We did not, in the opinion, undertake to declare the law relative to the state of facts as contended for by defendants. That case is not before us, as there is no complainant here predicated on such a state of facts. Whether the plaintiff would have a case against defendants if the facts be as the latter’s evidence tends to show, or what would be the extent of defendants’ duty and liability to plaintiff, if any, in such event, are questions that were not before us and were not considered.

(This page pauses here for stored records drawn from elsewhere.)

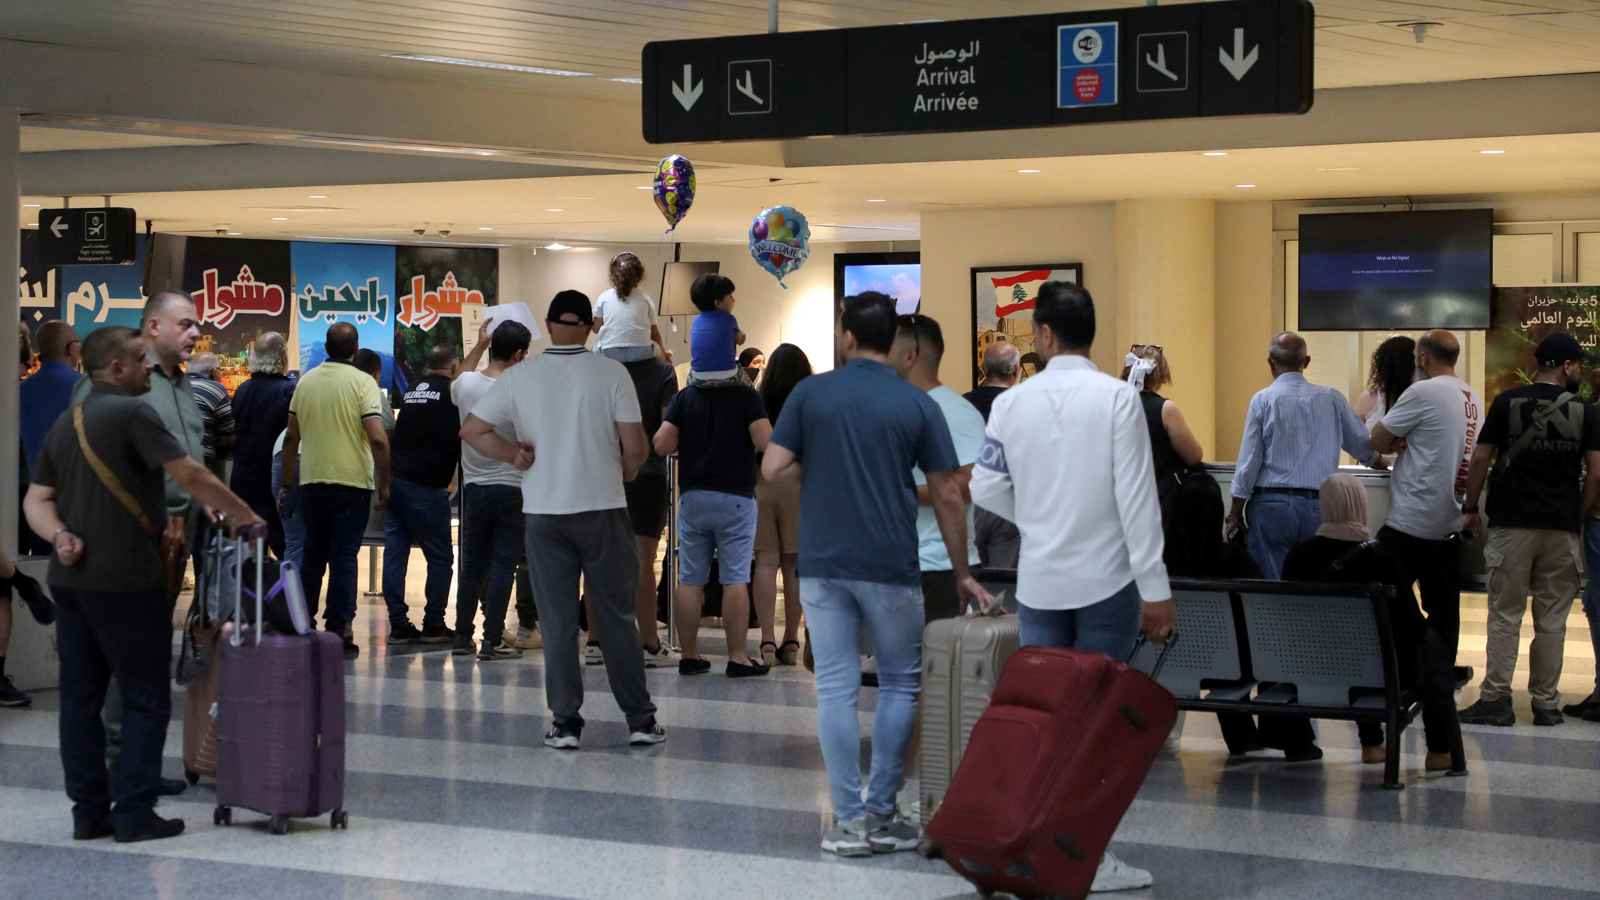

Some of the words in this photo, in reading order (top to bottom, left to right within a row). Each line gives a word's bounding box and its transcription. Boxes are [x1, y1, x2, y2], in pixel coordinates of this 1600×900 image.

[914, 40, 980, 65] الوصول
[916, 65, 976, 87] Arrival
[913, 91, 979, 112] Arrivée
[756, 243, 801, 258] WELCOME
[19, 266, 56, 322] لبن
[191, 264, 285, 330] مشوار
[298, 276, 389, 325] رايحين
[1590, 294, 1599, 307] 5
[1520, 311, 1562, 332] العالمي
[1566, 311, 1597, 329] اليوم

It may be further stated, in order to relieve other misunderstanding of counsel apparent from the briefs filed on application for rehearing, that likewise the question of the degree of care required of a private carrier in carrying its passengers is also one that is not presented by the record, and one that was not considered in drafting the opinion. Whether the law exacts of it and its servants, as in the case of common carriers, the observance of the highest degree of care to secure the safe carriage of the passengers it has undertaken to carry, thereby making it liable for slight negligence, or exacts of it only ordinary care to this end, thereby making it liable for only ordinary negligence on the part of itself and servants, is an open question in this state, which is not before us in this case, as said, and-which may never arise in it, and upon which we did not, therefore, intend to express any opinion. We have conseqeuntly revised the language of the several sentences in the opinion, Avhicli has given rise to the misunderstanding of counsel in this particular, fearing that, as it originally stood, it might also mislead others in the future.